This is the script of this morning’s Thought for the Day on BBC Radio 4’s Today programme (broadcast from Berlin and focusing on the impact on Germany of Brexit):
I was in Vienna recently and saw something that sums up the challenge of Germany in the last century. At one end of the Judenplatz is the haunting Holocaust Memorial by Rachel Whiteread; facing it, twenty metres away, is a statue of the philosopher, poet and Enlightenment hero Johann Gottfried Herder who re-shaped German education and culture. The question that cries out is this: how did Germany go from Herder to Hitler in a mere century?
This is the question that Germany has been unable to escape in the last seventy years or so.
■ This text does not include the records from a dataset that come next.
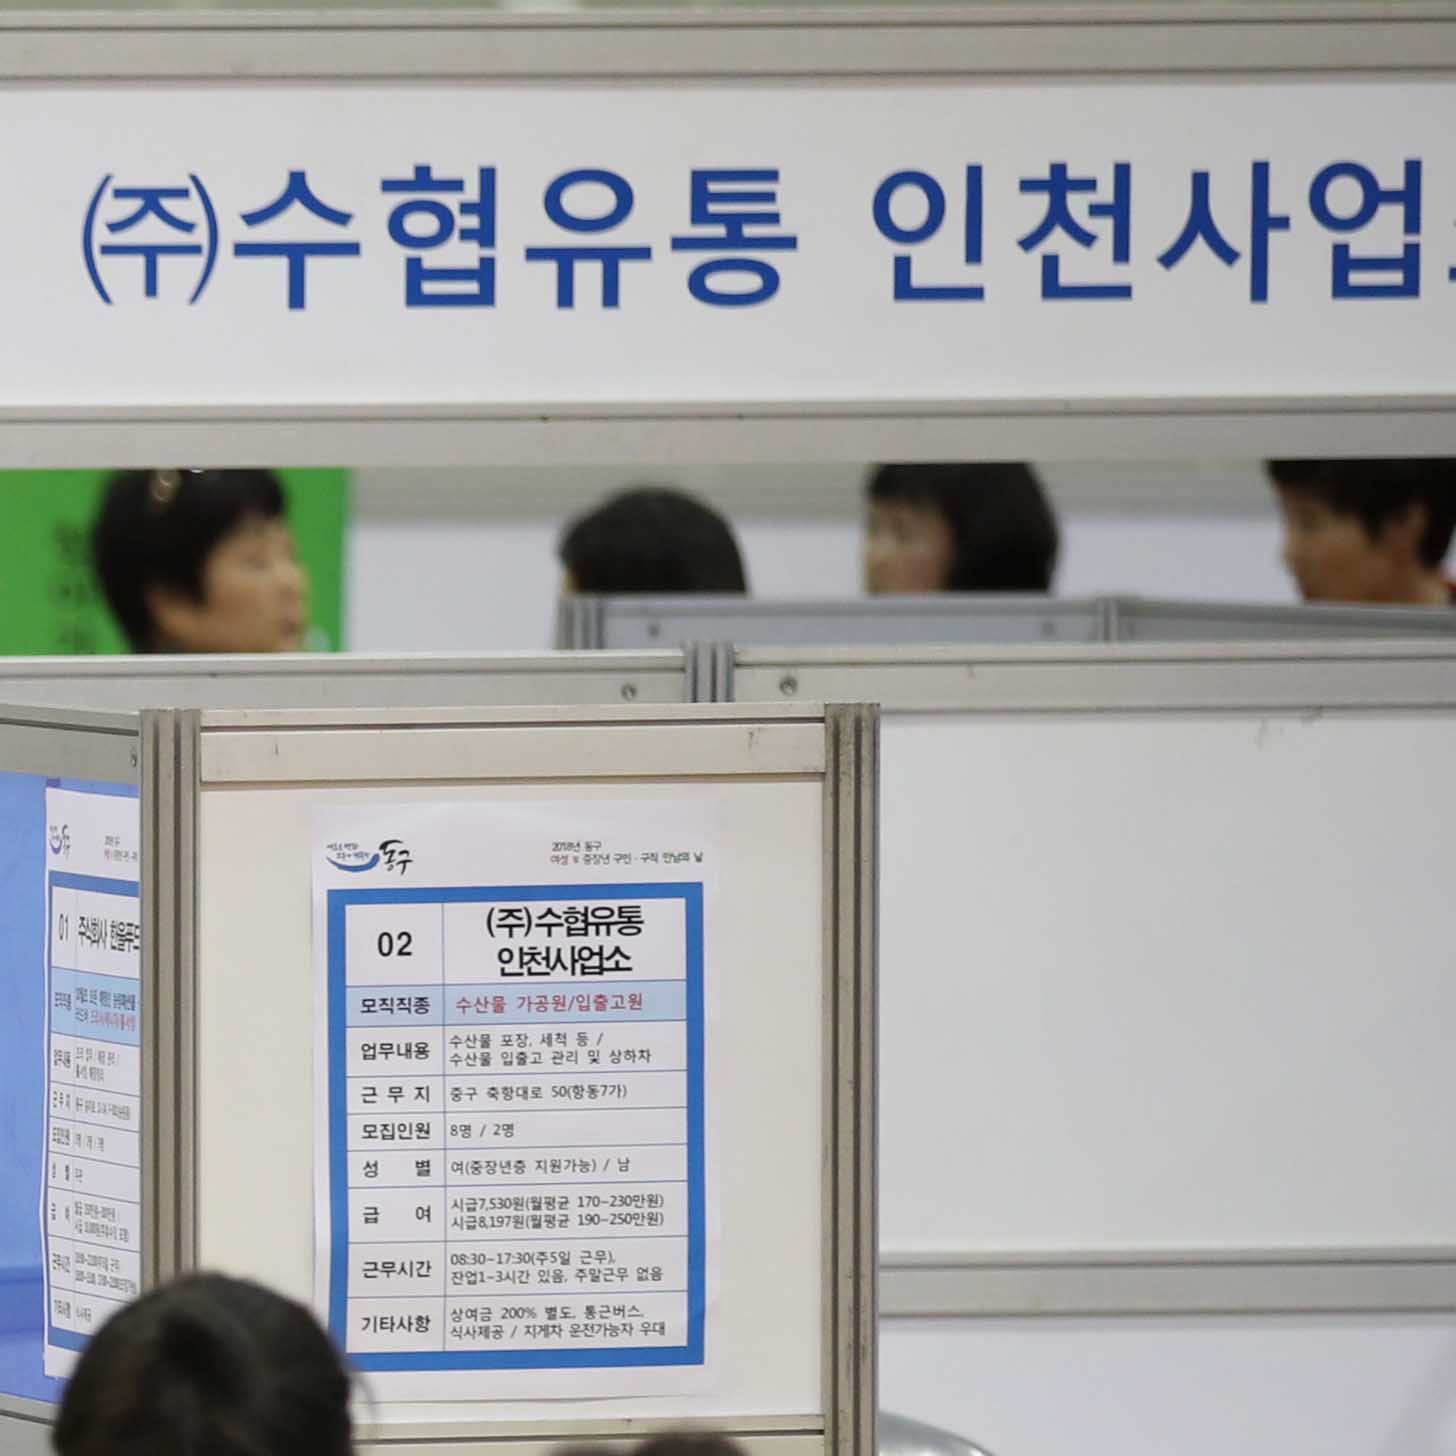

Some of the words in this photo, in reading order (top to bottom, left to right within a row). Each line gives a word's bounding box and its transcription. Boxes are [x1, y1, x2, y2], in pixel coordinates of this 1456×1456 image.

[870, 158, 1456, 306] 인천사업
[59, 913, 68, 941] 01
[487, 905, 643, 939] (주)수협유통
[378, 933, 412, 956] 02
[498, 946, 632, 977] 인천사업소
[456, 996, 507, 1013] 수산물
[518, 994, 643, 1011] 가공원/입출고원
[449, 1034, 491, 1049] 수산물
[540, 1033, 567, 1047] 세척
[576, 1032, 589, 1047] 등
[596, 1033, 604, 1045] /
[361, 1042, 430, 1060] 업무내용
[449, 1052, 492, 1067] 수산물
[501, 1051, 543, 1066] 입출고
[552, 1051, 578, 1065] 관리
[609, 1049, 651, 1064] 상하차
[361, 1087, 378, 1103] 근
[388, 1087, 405, 1103] 무
[414, 1086, 430, 1103] 지
[450, 1087, 478, 1102] 중구
[362, 1122, 430, 1140] 모집인원
[450, 1124, 472, 1138] 8명
[480, 1124, 487, 1137] /
[493, 1124, 514, 1137] 2명
[536, 1159, 596, 1173] 지원가능)
[603, 1160, 610, 1172] /
[618, 1158, 630, 1173] 남
[362, 1207, 379, 1223] 급
[415, 1205, 431, 1223] 여
[362, 1261, 431, 1278] 근무시간
[575, 1267, 628, 1283] 주말근무
[637, 1266, 663, 1282] 없음
[362, 1315, 430, 1333] 기타사항
[451, 1307, 492, 1323] 상여금
[501, 1307, 537, 1319] 200%
[451, 1325, 504, 1340] 식사제공
[511, 1325, 516, 1338] /
[641, 1321, 665, 1336] 우대
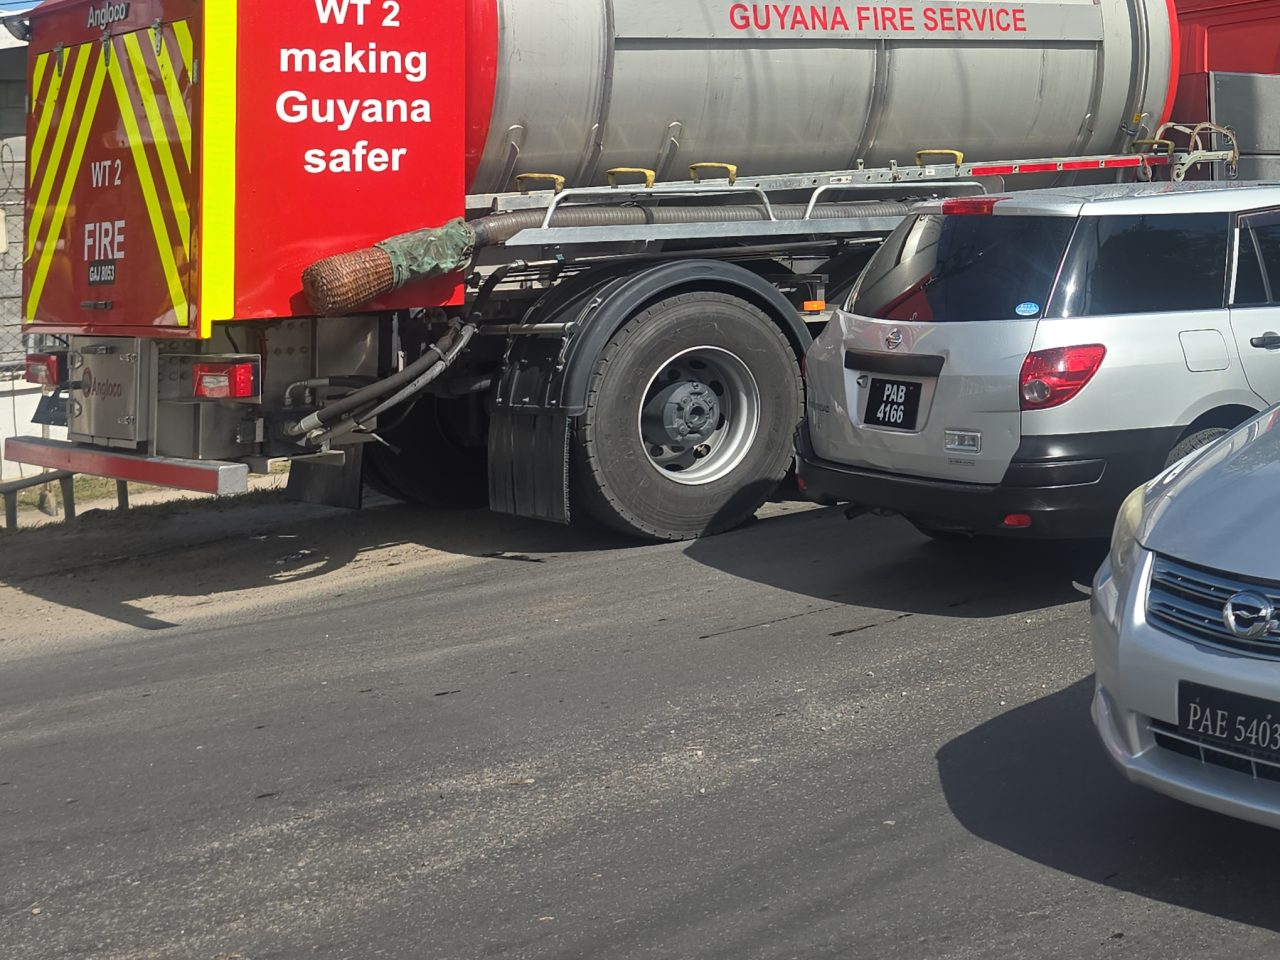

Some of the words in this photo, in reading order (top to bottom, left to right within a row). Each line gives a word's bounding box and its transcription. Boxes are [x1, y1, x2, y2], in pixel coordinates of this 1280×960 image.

[87, 2, 126, 30] Angloco
[382, 0, 401, 27] 2
[729, 3, 849, 31] GUYANA
[857, 6, 915, 31] FIRE
[923, 8, 1027, 33] SERVICE
[280, 43, 428, 82] making
[275, 90, 431, 131] Guyana
[304, 141, 406, 173] safer
[91, 160, 111, 188] WT
[114, 158, 122, 186] 2
[84, 220, 126, 261] FIRE
[89, 266, 100, 282] GAJ
[101, 265, 115, 281] 8053
[92, 377, 122, 402] Angloco
[883, 383, 906, 403] PAB
[876, 403, 904, 424] 4166
[1186, 703, 1229, 738] PAE
Walk around any German city and you will find yourself stepping on small brass plaques in the pavement bearing the name and dates of Jews deported to their deaths from the houses before which you now stand. They are everywhere – and they are called Stolpersteine: stumbling blocks that get in your way and compel you to face responsibility for what happened to your neighbours only a generation or two ago.
Because of its history Germany has had no option but to confront its past and choose its future. Yet, as time moves on and memory becomes history, revisionism becomes easier for some people. Recent changes in the political landscape come on the back of concerns about immigration in general and Islam in particular. Yet this phenomenon was almost inconceivable only a decade ago.
What it demonstrates is that human beings all too easily re-shape their worldview according to the world they now live in. We can accommodate all sorts of challenges to our ethics … until we find their foundation has been undercut and we have given away too much. Perhaps history teaches us that it is not a big step from ‘every human being matters’ to ‘some matter more than others’ to ‘these are not really people of value’.
If you go into Berlin Cathedral and look up at the dome, you will see in gold lettering words from the Lord’s Prayer: “Dein ist das Reich” – “Thine is the Kingdom”. I have sat there and thought of the generations of people – from the Second Reich through Weimar and the Nazis, through the GDR and the now-reunited Germany – and wondered what Christian worshippers thought that meant. And how could they so easily confuse the Kingdom of Caesar with the Kingdom of the Jesus we read about in the gospels? Whose Reich/Kingdom do we really serve?
The question goes to the heart of how human beings make sense of themselves and the world – and whether, when the heat is on, the foundation of our ethical frameworks is as sound as we like to think it is. Humility, generosity, loving your neighbour, protecting the weak – or self-preservation at all costs?
Every generation faces the same question. So does every nation.